■ WORK TO COMPLETE:
Give the lines below again, exactly as they stand, and leave out the images.

■ PROVIDED RECORDS:

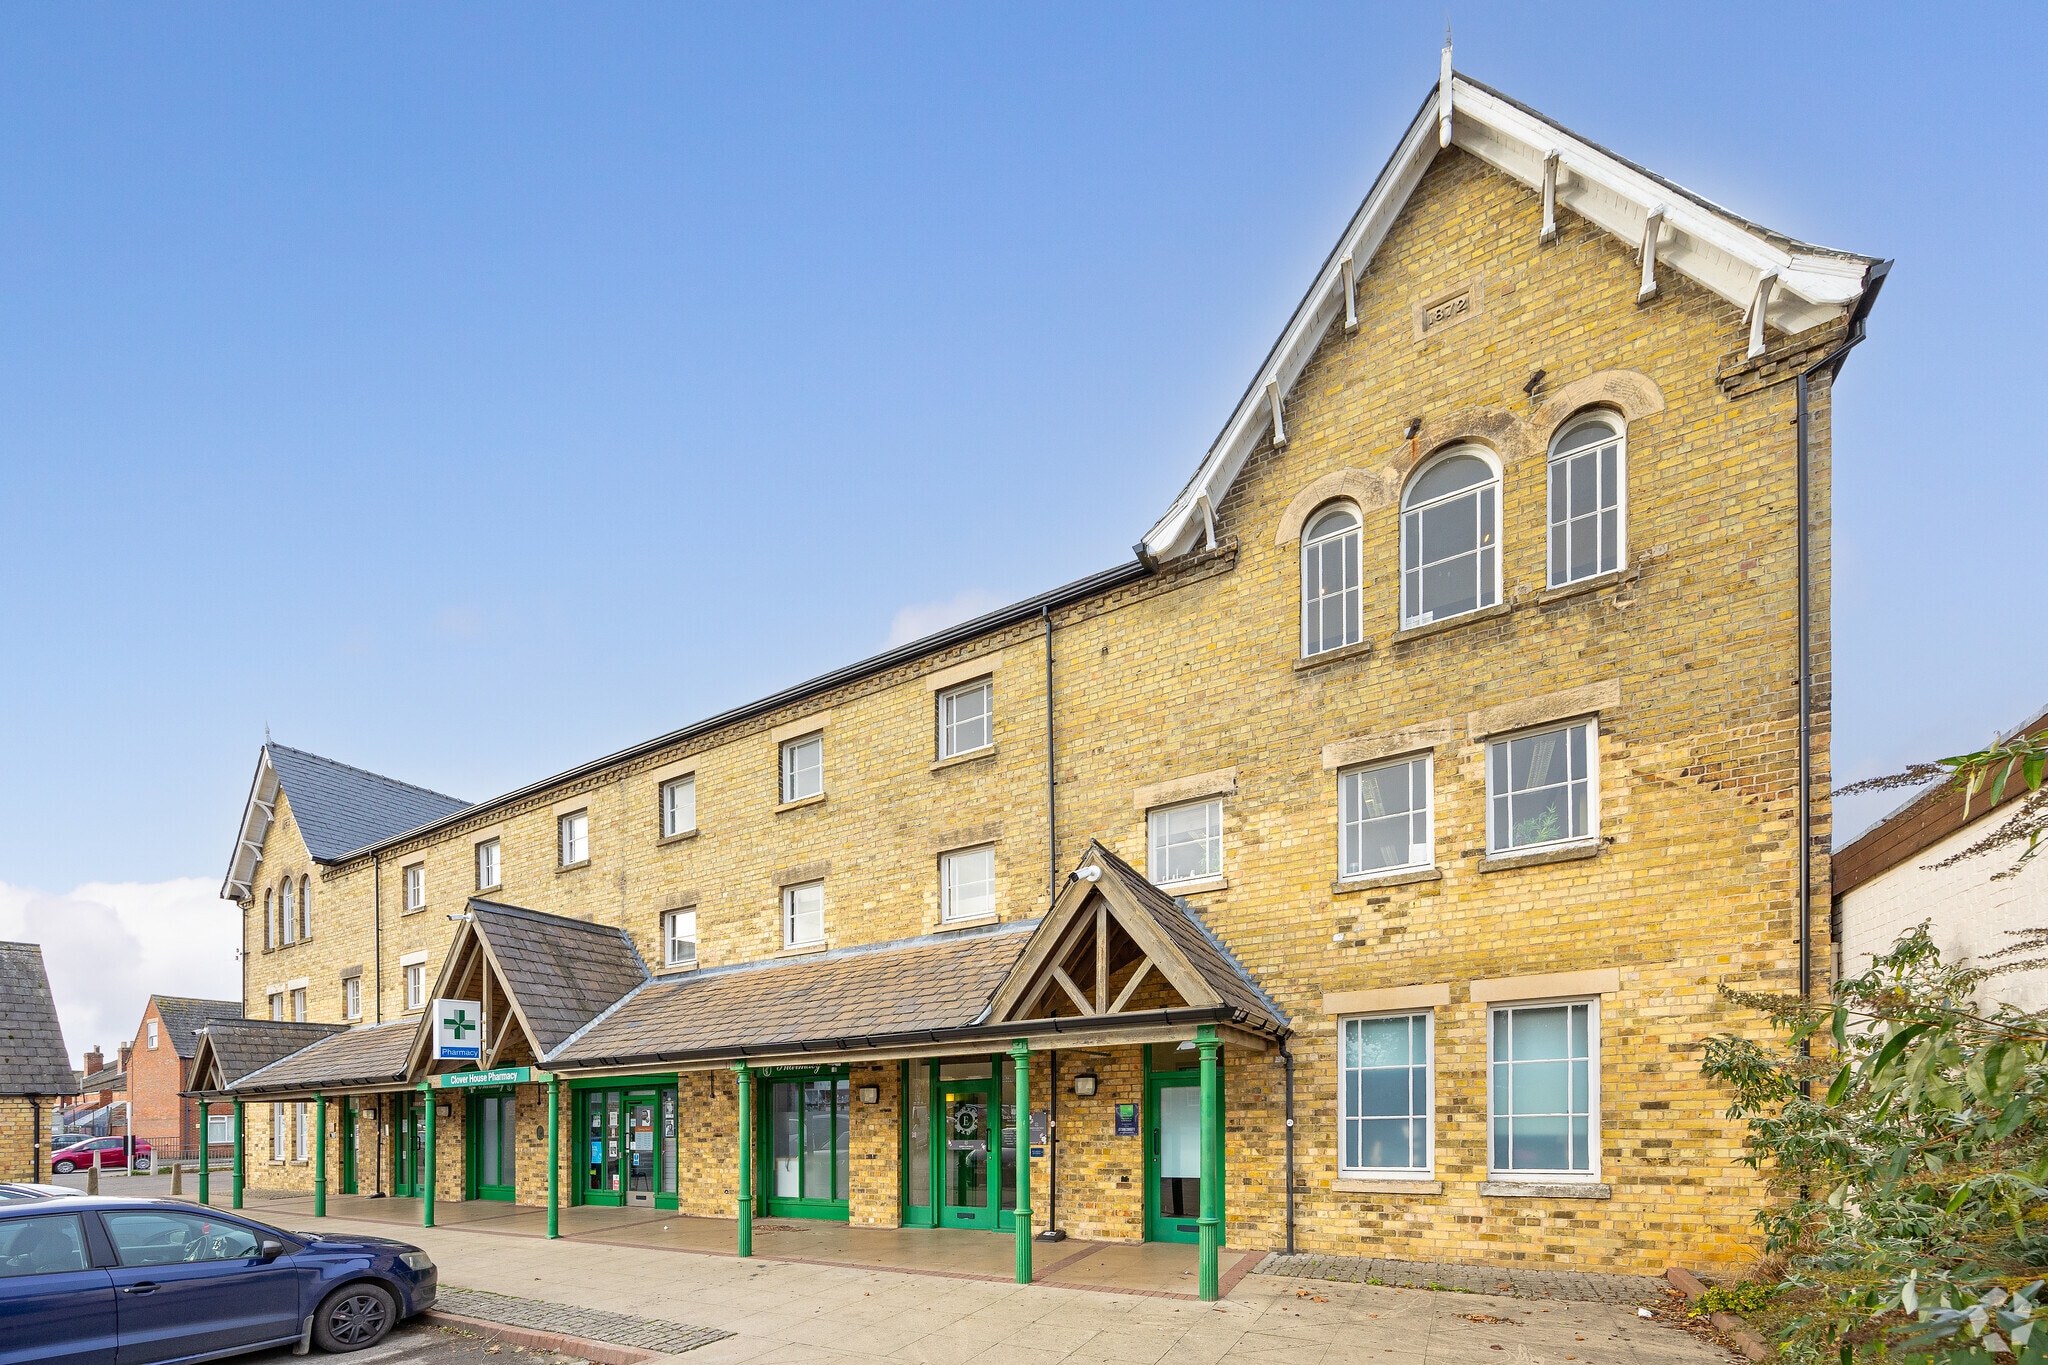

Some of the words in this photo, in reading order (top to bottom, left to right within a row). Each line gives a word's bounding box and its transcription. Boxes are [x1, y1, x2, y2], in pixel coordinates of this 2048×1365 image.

[1428, 299, 1468, 326] 1872
[441, 1048, 479, 1057] Pharmacy
[451, 1075, 468, 1085] Clover
[469, 1073, 487, 1083] House
[488, 1071, 518, 1082] Pharmacy
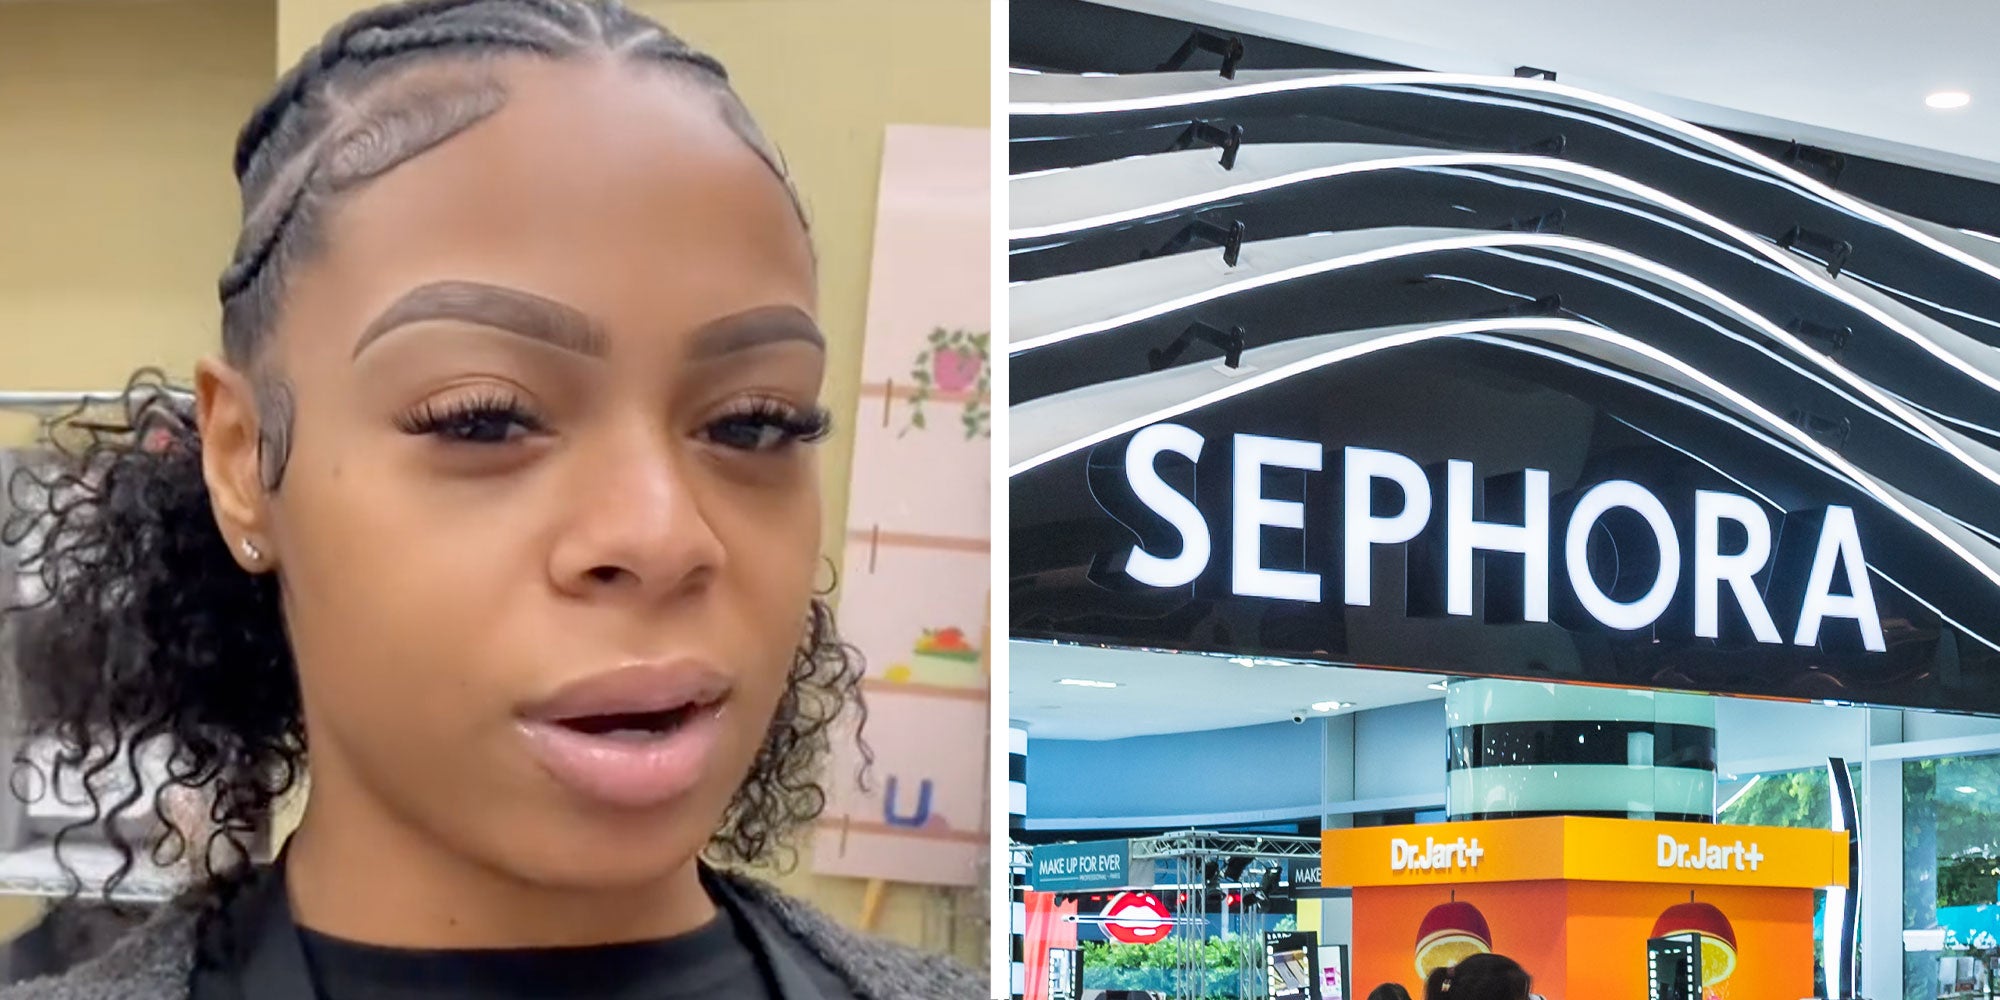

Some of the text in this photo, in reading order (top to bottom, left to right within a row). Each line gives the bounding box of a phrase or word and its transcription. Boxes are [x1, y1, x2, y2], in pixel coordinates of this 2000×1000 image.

[1125, 423, 1887, 652] SEPHORA
[1039, 854, 1120, 875] MAKE UP FOR EVER
[1391, 836, 1484, 870] Dr.Jart+
[1657, 833, 1764, 871] Dr.Jart+
[1295, 867, 1321, 883] MAKE

■ YOUR RESPONSE:
Some of the words in this photo, in reading order (top to bottom, left to right within a row). Each line gives a word's bounding box and its transcription. Boxes are [x1, y1, x2, y2], in pixel coordinates of this 2048×1365 image.

[1428, 299, 1468, 326] 1872
[441, 1048, 479, 1057] Pharmacy
[451, 1075, 468, 1085] Clover
[469, 1073, 487, 1083] House
[488, 1071, 518, 1082] Pharmacy

Some of the text in this photo, in reading order (top to bottom, left to right within a row). Each line gives the bounding box of a phrase or word and its transcription. Boxes are [x1, y1, x2, y2], in pixel coordinates of this 2000×1000 image.

[1125, 423, 1887, 652] SEPHORA
[1039, 854, 1120, 875] MAKE UP FOR EVER
[1391, 836, 1484, 870] Dr.Jart+
[1657, 833, 1764, 871] Dr.Jart+
[1295, 867, 1321, 883] MAKE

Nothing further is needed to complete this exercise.